(Beginning of SUPPLIED MATERIAL)

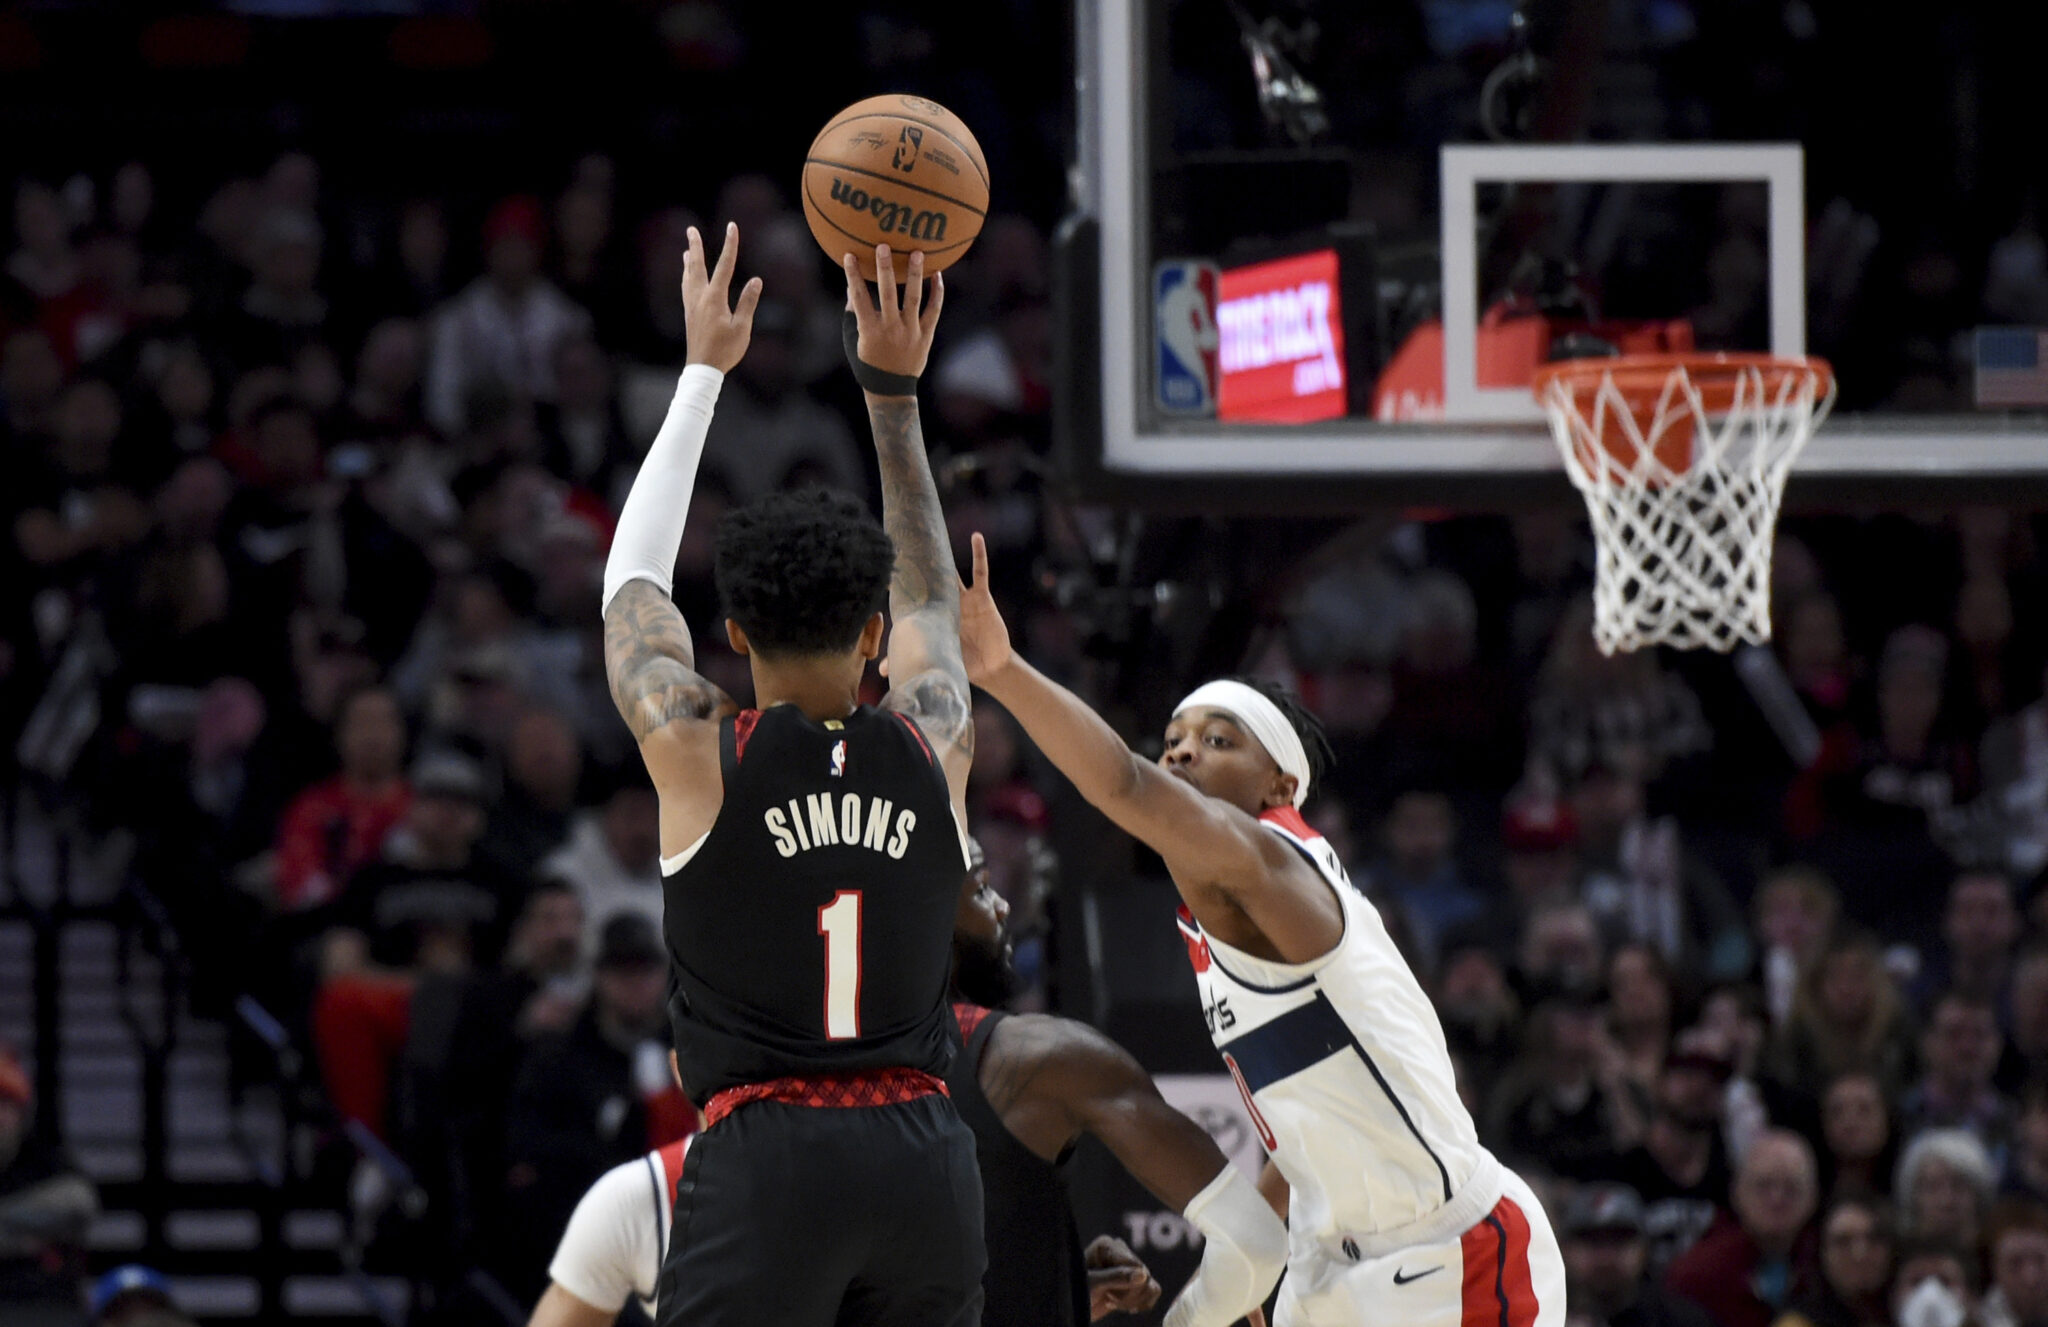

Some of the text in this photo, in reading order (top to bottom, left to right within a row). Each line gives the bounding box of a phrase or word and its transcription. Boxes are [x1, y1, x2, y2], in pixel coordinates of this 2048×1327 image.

[831, 177, 947, 241] Wilson
[763, 791, 917, 860] SIMONS
[816, 889, 863, 1041] 1
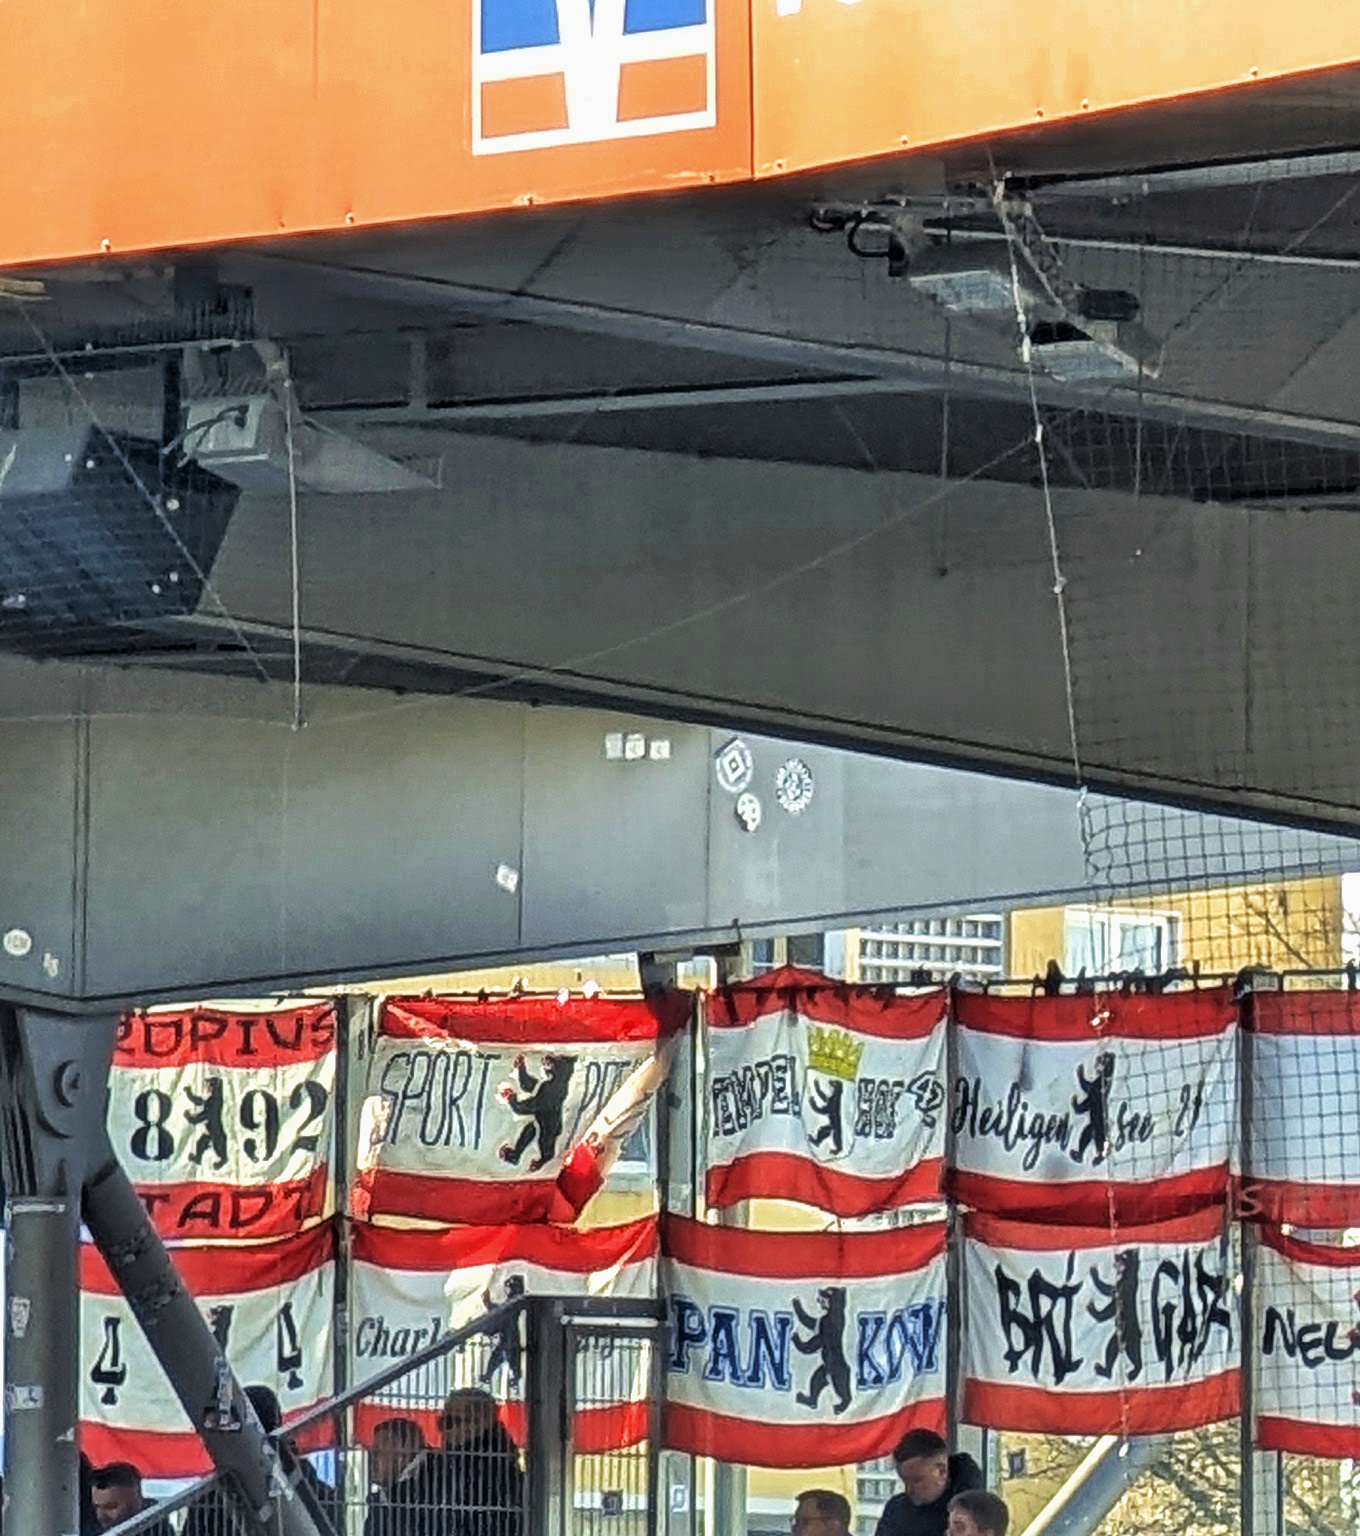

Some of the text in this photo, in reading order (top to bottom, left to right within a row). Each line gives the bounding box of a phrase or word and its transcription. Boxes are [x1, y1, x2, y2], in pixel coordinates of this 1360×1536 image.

[240, 1080, 329, 1163] 92
[370, 1051, 501, 1151] SPORT
[951, 1076, 1070, 1171] Heiligen
[138, 1184, 312, 1229] TADT
[669, 1294, 946, 1391] PAN KOW

(End of SUPPLIED MATERIAL)

> [TASK GOAL]:
One line above contains "this 1360×1536 image.". Output that line and each one after it, word for word, and nothing else.

> [FINISHED TASK]:
Some of the text in this photo, in reading order (top to bottom, left to right within a row). Each line gives the bounding box of a phrase or word and its transcription. Boxes are [x1, y1, x2, y2], in pixel coordinates of this 1360×1536 image.

[240, 1080, 329, 1163] 92
[370, 1051, 501, 1151] SPORT
[951, 1076, 1070, 1171] Heiligen
[138, 1184, 312, 1229] TADT
[669, 1294, 946, 1391] PAN KOW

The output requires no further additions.